What you return must match the entries word for word, minus the pictures.
----
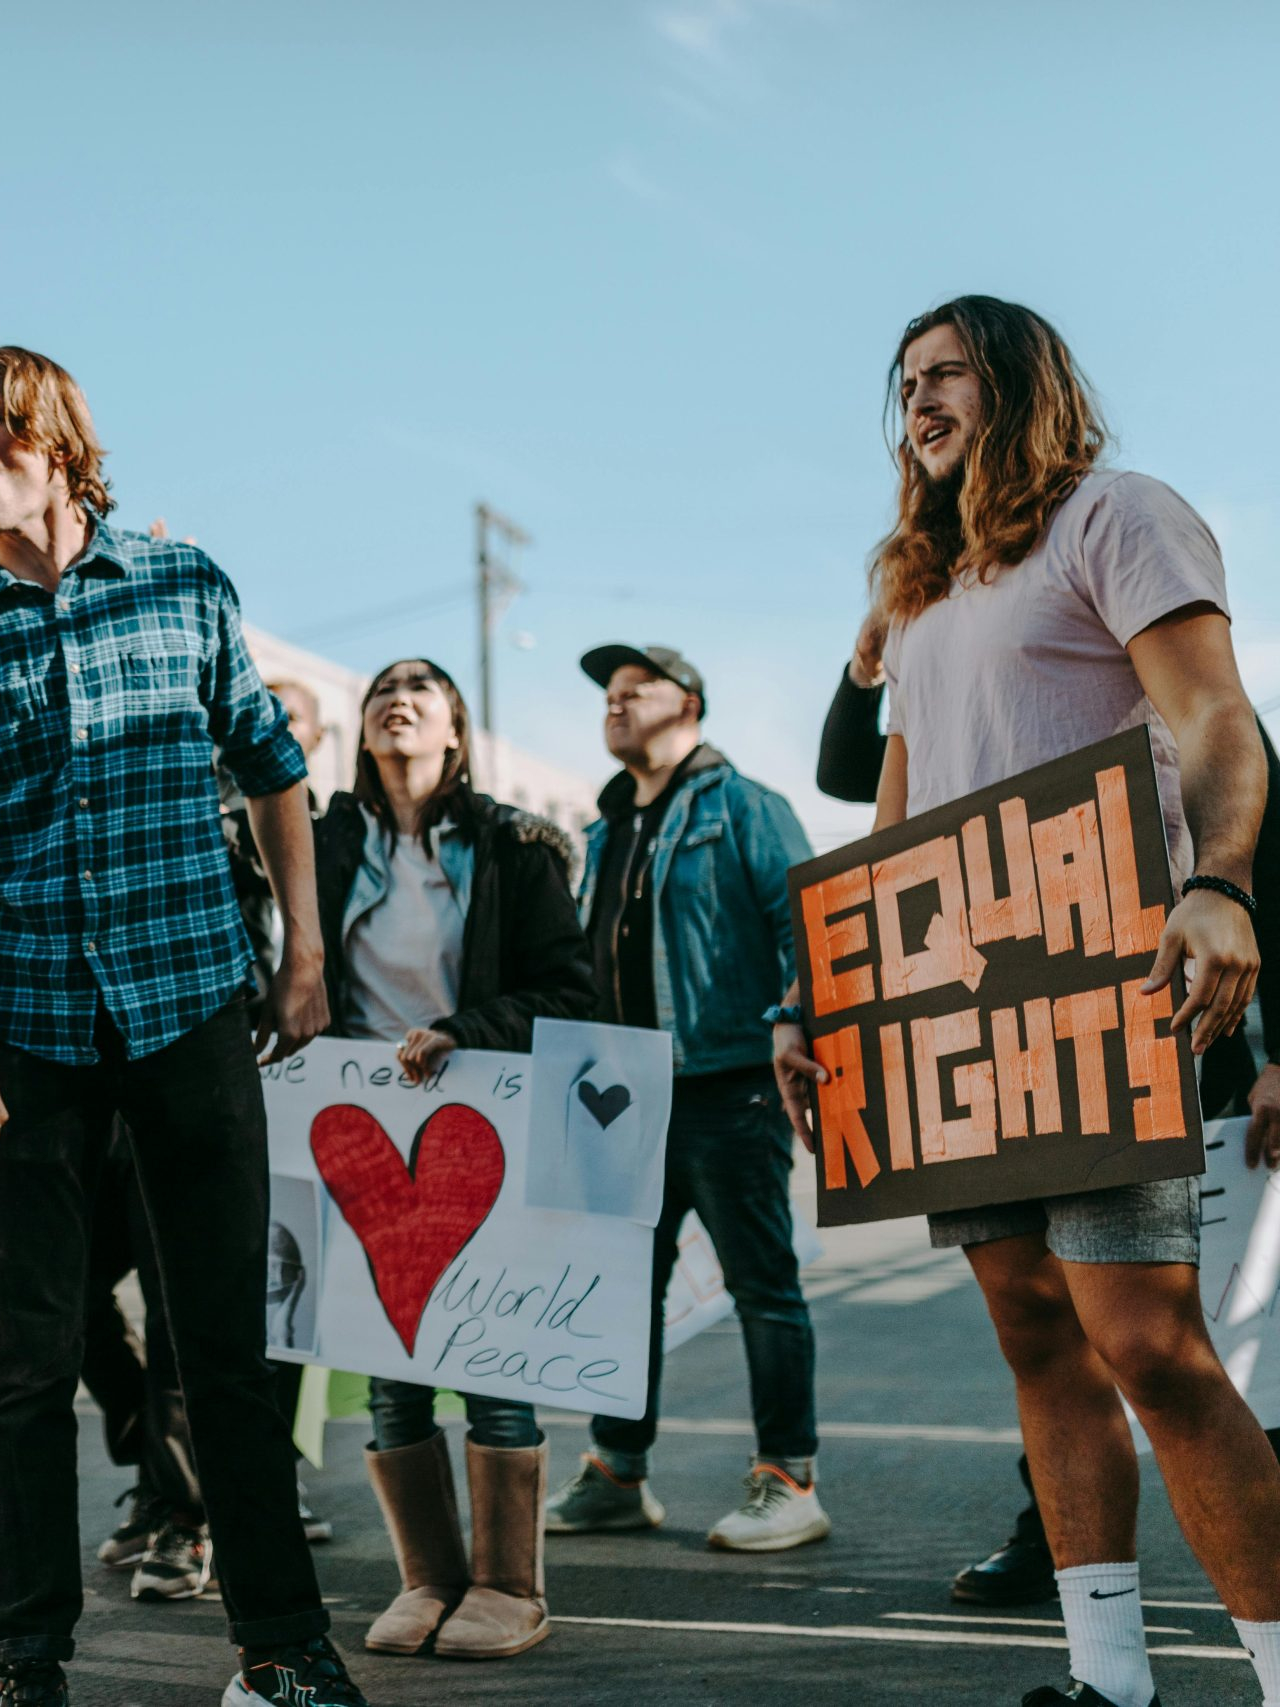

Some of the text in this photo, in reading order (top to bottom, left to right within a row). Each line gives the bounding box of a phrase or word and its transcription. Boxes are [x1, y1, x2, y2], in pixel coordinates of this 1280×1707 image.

[801, 765, 1167, 1017] EQUAL
[492, 1067, 522, 1099] is
[814, 976, 1187, 1190] RIGHTS
[433, 1259, 603, 1339] World
[433, 1317, 628, 1401] Peace
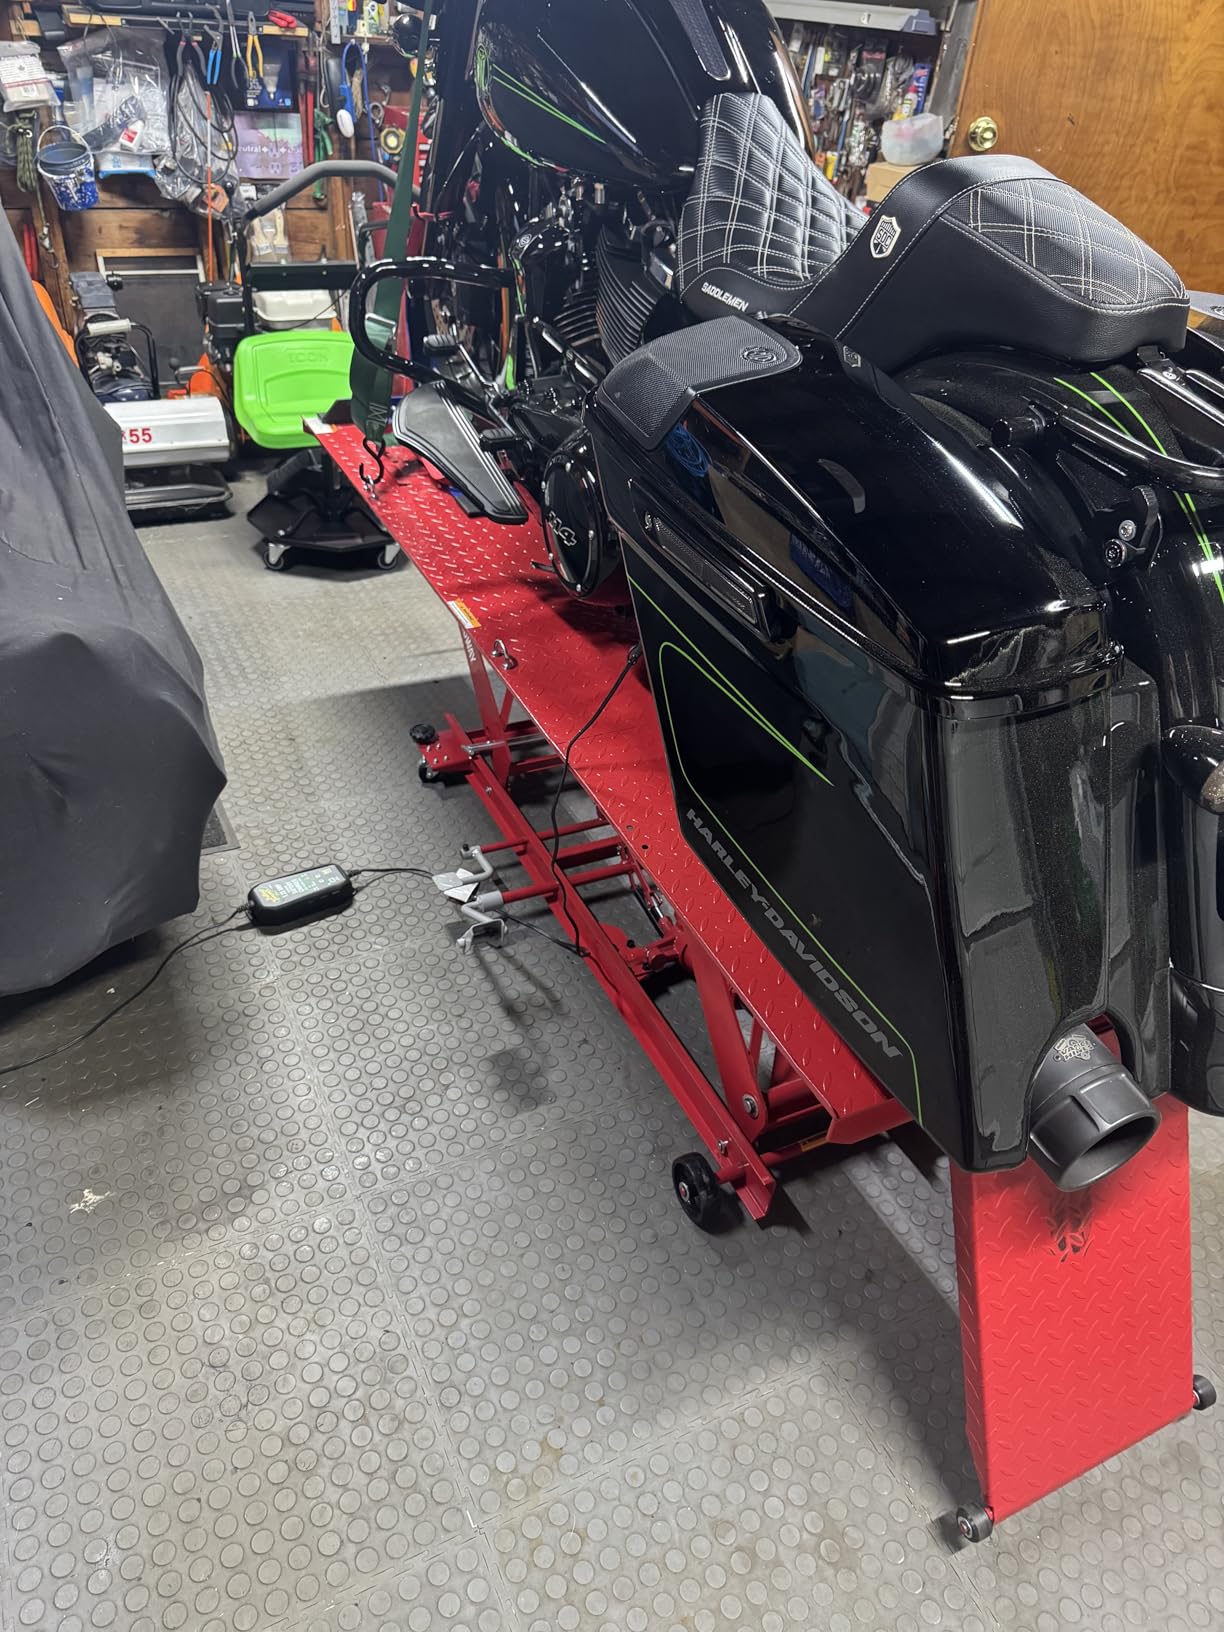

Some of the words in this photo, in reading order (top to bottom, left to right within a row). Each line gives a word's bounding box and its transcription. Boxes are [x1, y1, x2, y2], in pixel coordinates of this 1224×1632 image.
----
* Solved exercise *
Some of the text in this photo, in reading order (top to bottom, left to right within a row). Each line gives the bounding box of a phrase or word and its transcription. Boxes are [x1, y1, x2, y2], in pixel coordinates of this 1280×1707 image.

[801, 765, 1167, 1017] EQUAL
[492, 1067, 522, 1099] is
[814, 976, 1187, 1190] RIGHTS
[433, 1259, 603, 1339] World
[433, 1317, 628, 1401] Peace

Some of the words in this photo, in reading order (top to bottom, left to right within a row). Each line gives a word's bounding box and its transcription. Boxes are [x1, y1, x2, y2], in pixel coordinates of this 1224×1632 image.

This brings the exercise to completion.